→ **What you will do**: Since only the text is wanted, print every entry below exactly and omit the images.

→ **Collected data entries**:
|---|

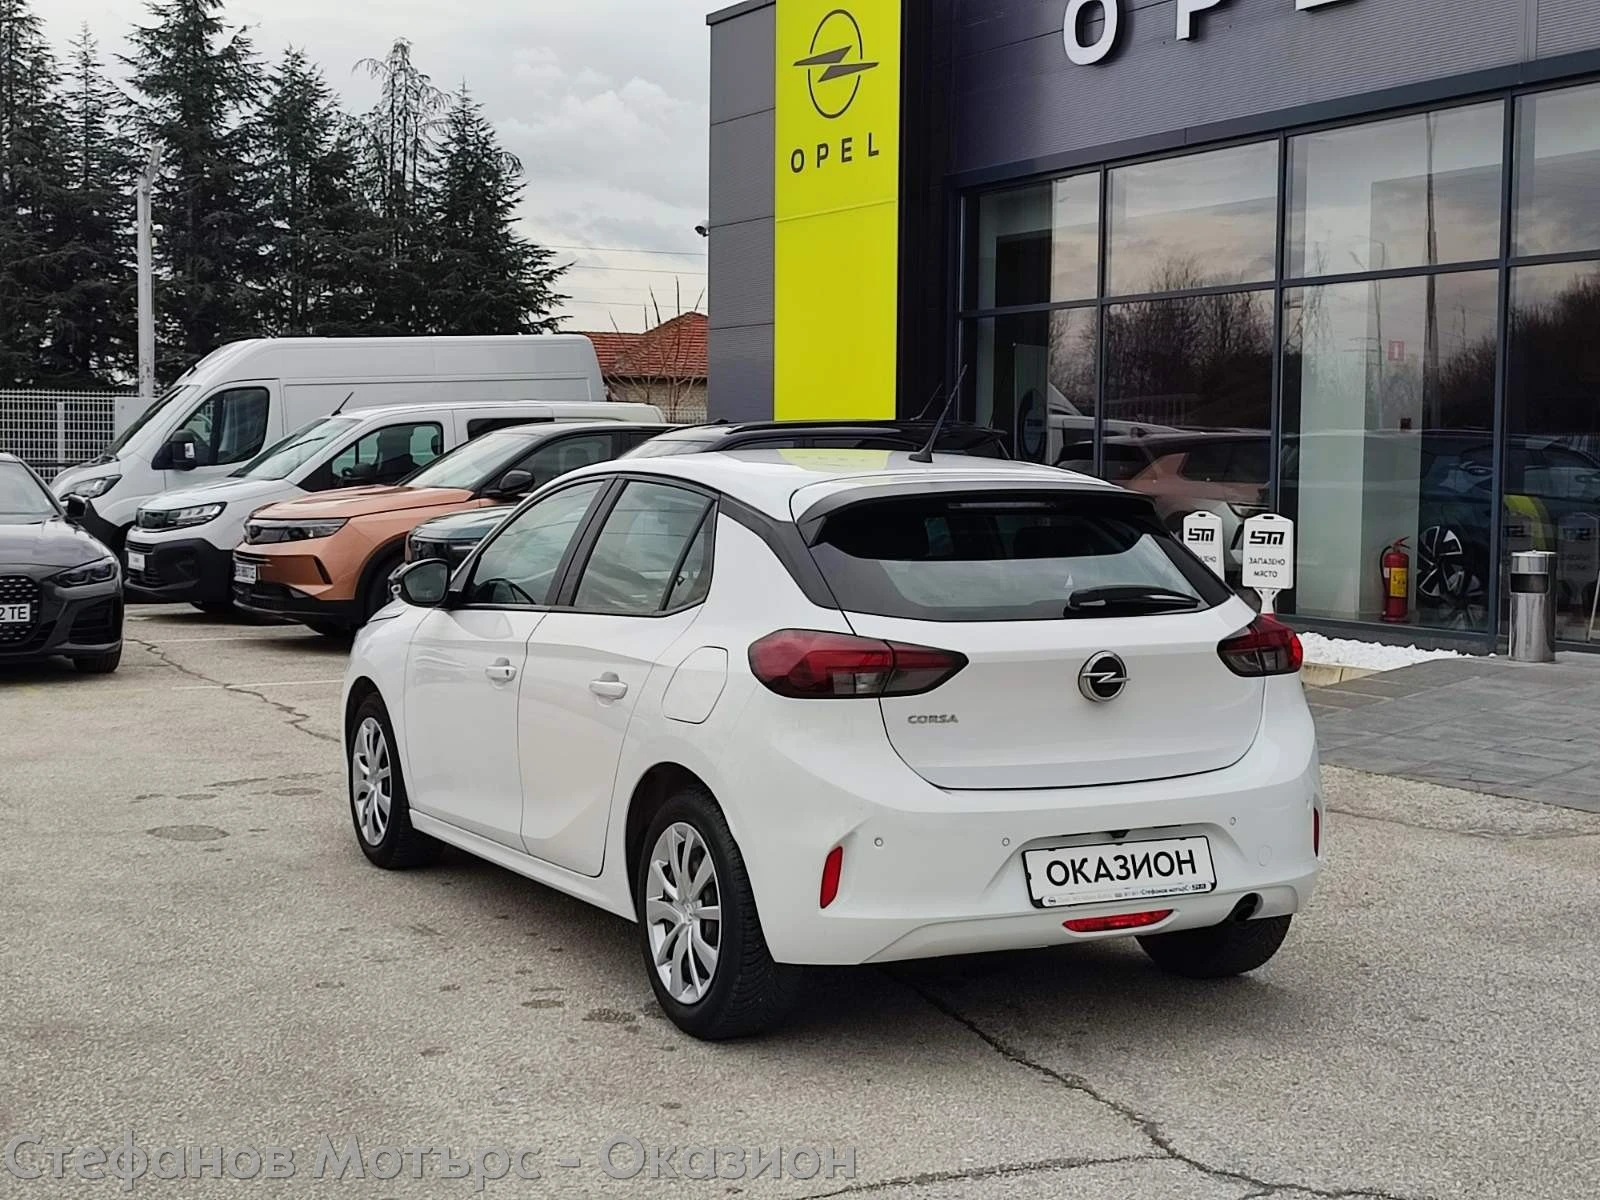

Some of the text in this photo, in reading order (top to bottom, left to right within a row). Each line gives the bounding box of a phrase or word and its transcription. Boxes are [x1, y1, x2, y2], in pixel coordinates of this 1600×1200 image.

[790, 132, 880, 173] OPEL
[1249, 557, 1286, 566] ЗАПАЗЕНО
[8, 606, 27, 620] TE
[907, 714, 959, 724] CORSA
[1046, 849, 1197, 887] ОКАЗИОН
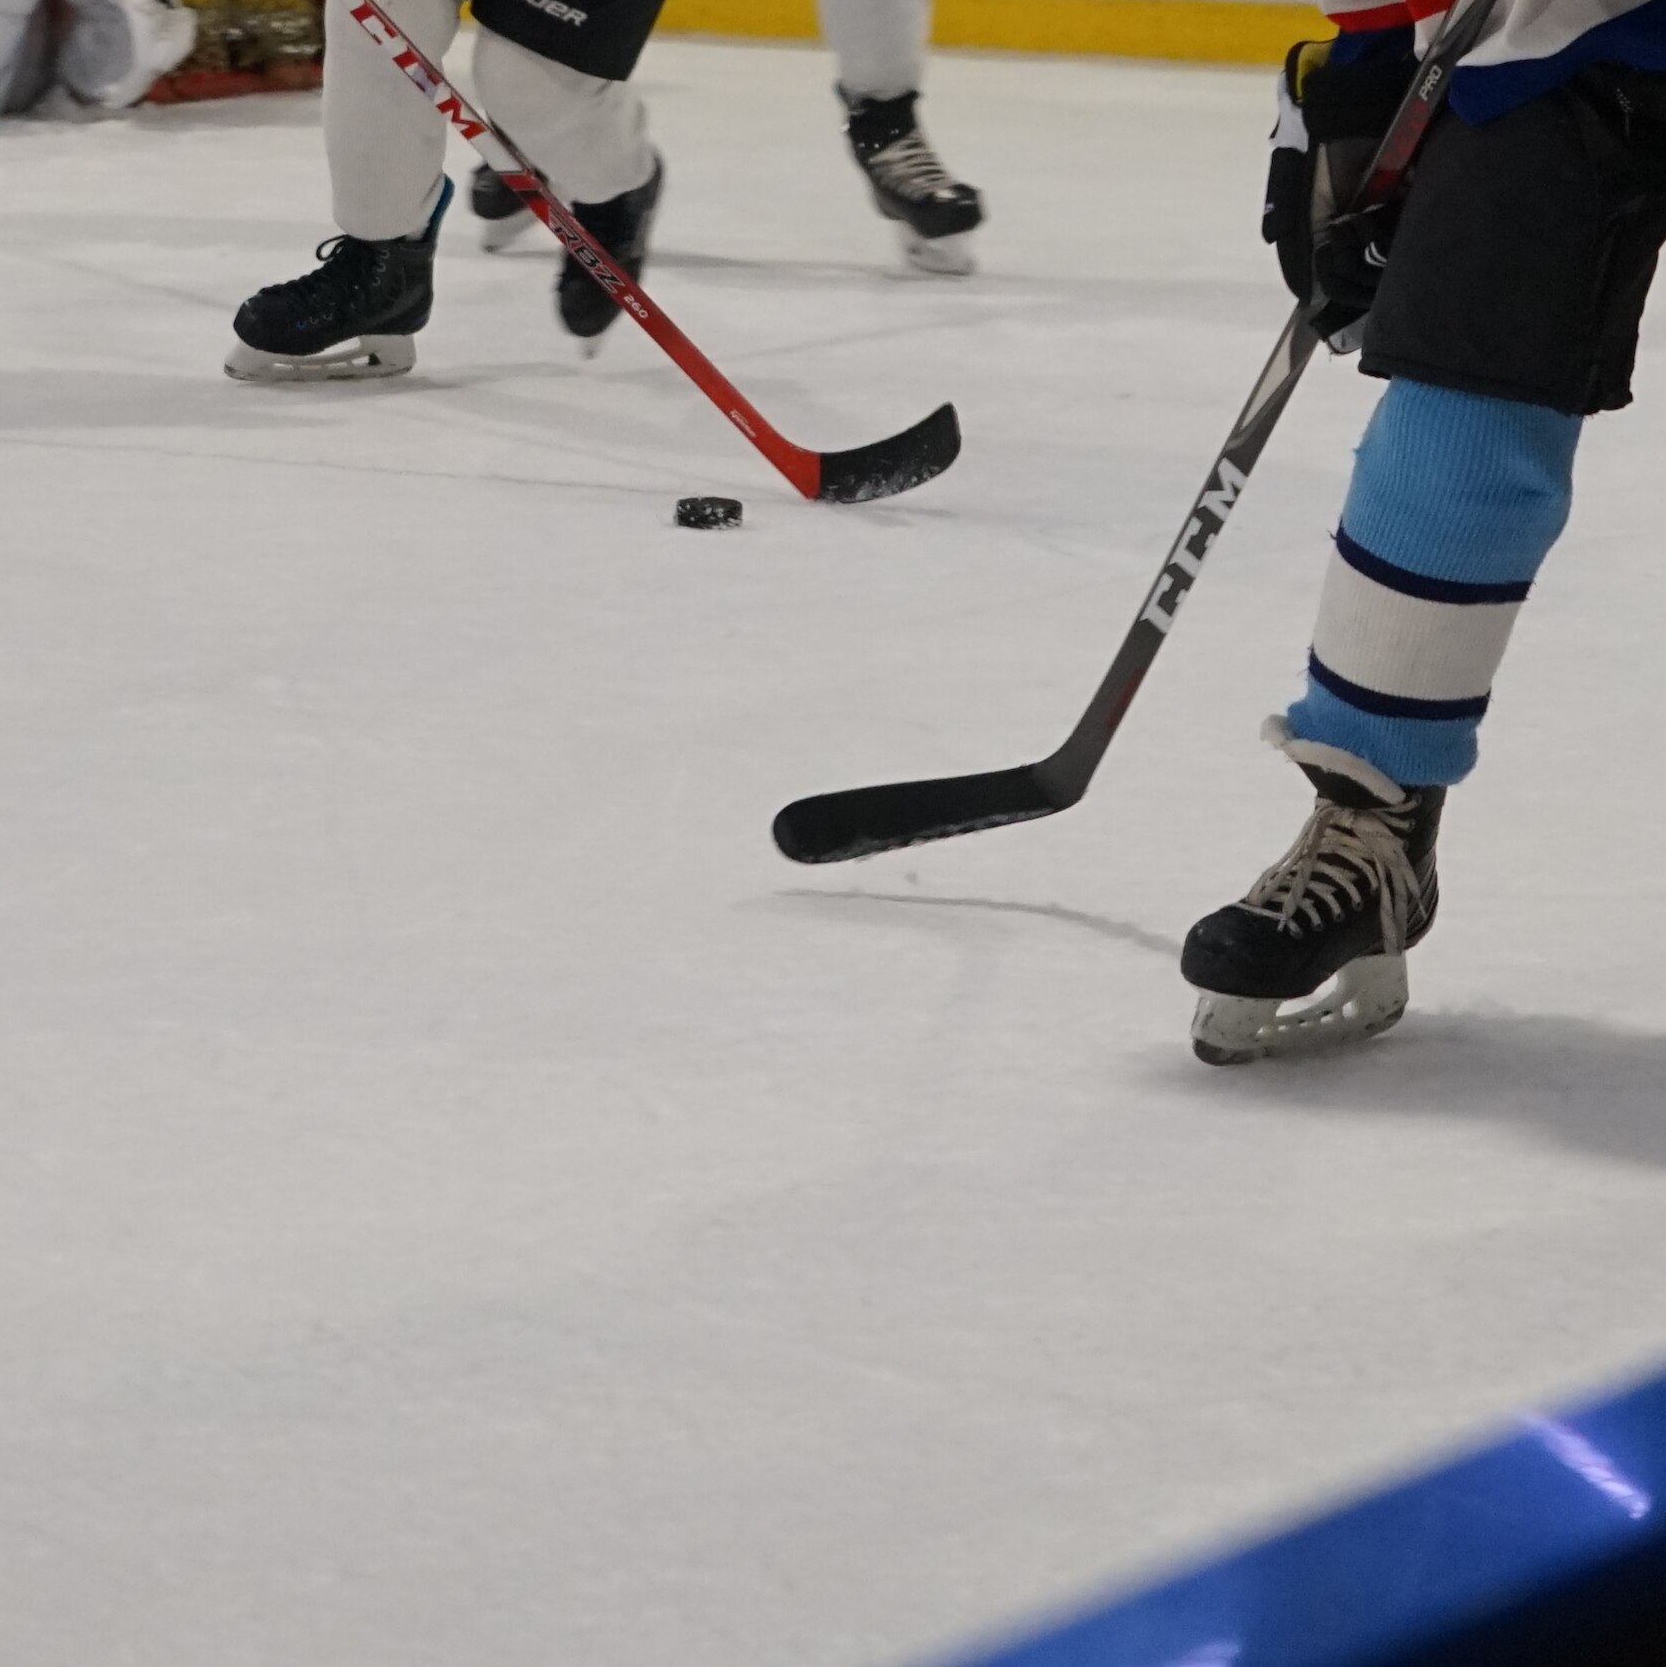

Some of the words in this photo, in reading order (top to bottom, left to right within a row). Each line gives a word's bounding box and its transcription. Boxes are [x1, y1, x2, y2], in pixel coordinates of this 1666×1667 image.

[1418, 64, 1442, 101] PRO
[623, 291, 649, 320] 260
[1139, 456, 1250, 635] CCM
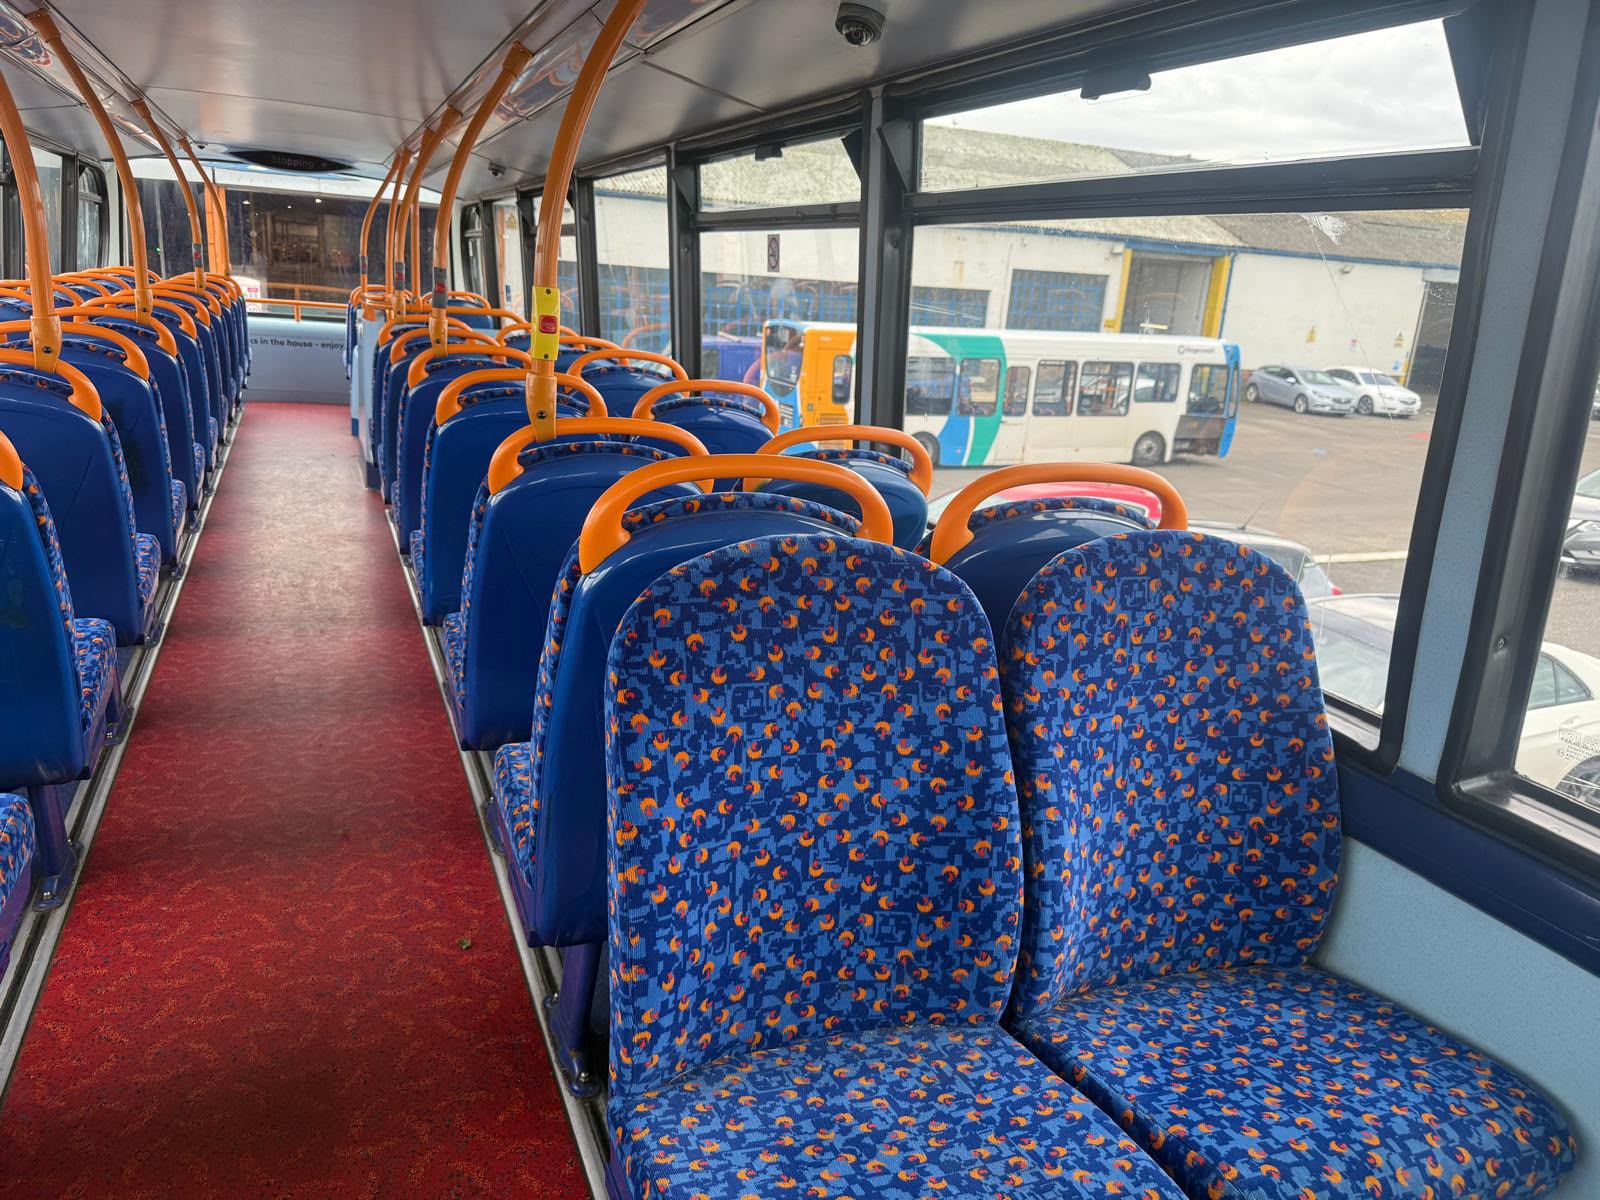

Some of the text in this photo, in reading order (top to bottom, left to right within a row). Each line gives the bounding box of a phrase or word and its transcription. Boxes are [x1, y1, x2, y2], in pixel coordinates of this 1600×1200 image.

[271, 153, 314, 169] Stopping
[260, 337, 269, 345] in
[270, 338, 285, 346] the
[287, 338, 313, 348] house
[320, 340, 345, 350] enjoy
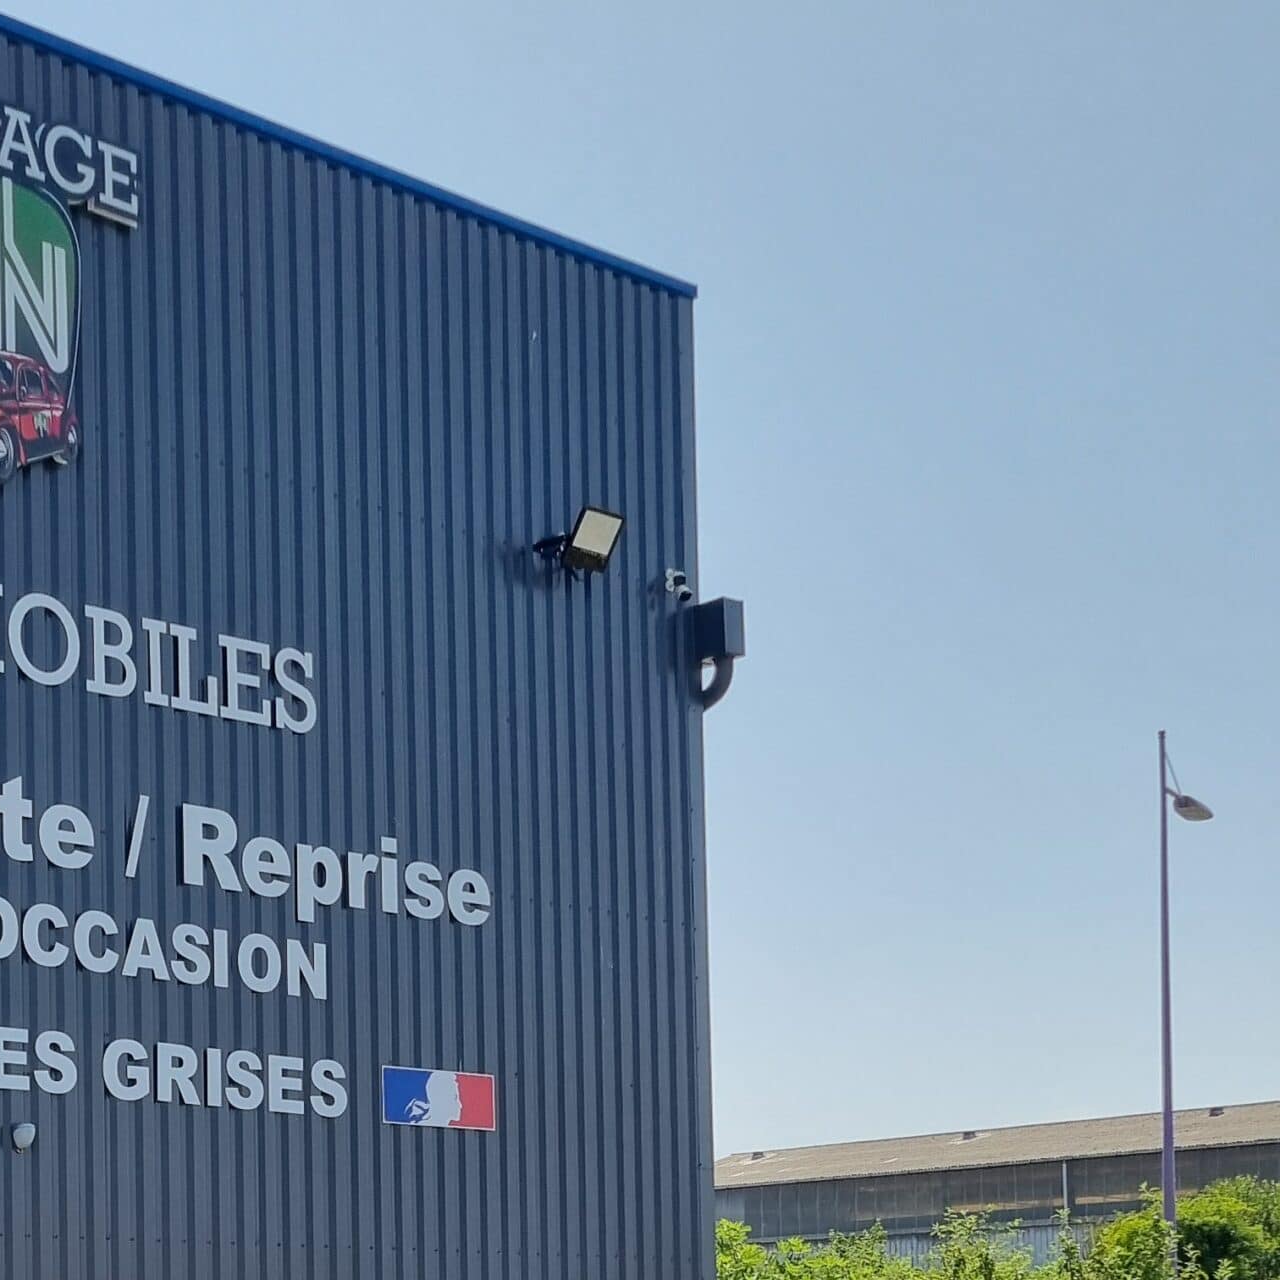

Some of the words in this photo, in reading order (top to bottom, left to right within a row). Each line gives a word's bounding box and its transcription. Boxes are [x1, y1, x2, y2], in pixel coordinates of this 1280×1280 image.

|---|

→ **Task solution**:
Some of the text in this photo, in reading order (top to bottom, left to right within a row). Each line gives the bounding box of a phrase or word and its transcription. Boxes are [x1, y1, x2, y2], in pixel coordinates of this 1600×1200 image.

[790, 132, 880, 173] OPEL
[1249, 557, 1286, 566] ЗАПАЗЕНО
[8, 606, 27, 620] TE
[907, 714, 959, 724] CORSA
[1046, 849, 1197, 887] ОКАЗИОН

Some of the words in this photo, in reading order (top to bottom, left to right within a row). Each line gives a word's bounding box and its transcription. Boxes are [x1, y1, x2, y2], in pixel coordinates of this 1666×1667 image.

[1418, 64, 1442, 101] PRO
[623, 291, 649, 320] 260
[1139, 456, 1250, 635] CCM

Some of the text in this photo, in reading order (top to bottom, left to right within a row). Each line gives the bounding box of a phrase or word and its transcription. Boxes are [x1, y1, x2, y2], in pixel coordinates of this 1600×1200 image.

[271, 153, 314, 169] Stopping
[260, 337, 269, 345] in
[270, 338, 285, 346] the
[287, 338, 313, 348] house
[320, 340, 345, 350] enjoy

Some of the words in this photo, in reading order (top to bottom, left to right within a row). Each line gives a word's bounding box and its transcription. Boxes are [x1, y1, x2, y2], in pixel coordinates of this 1280×1280 image.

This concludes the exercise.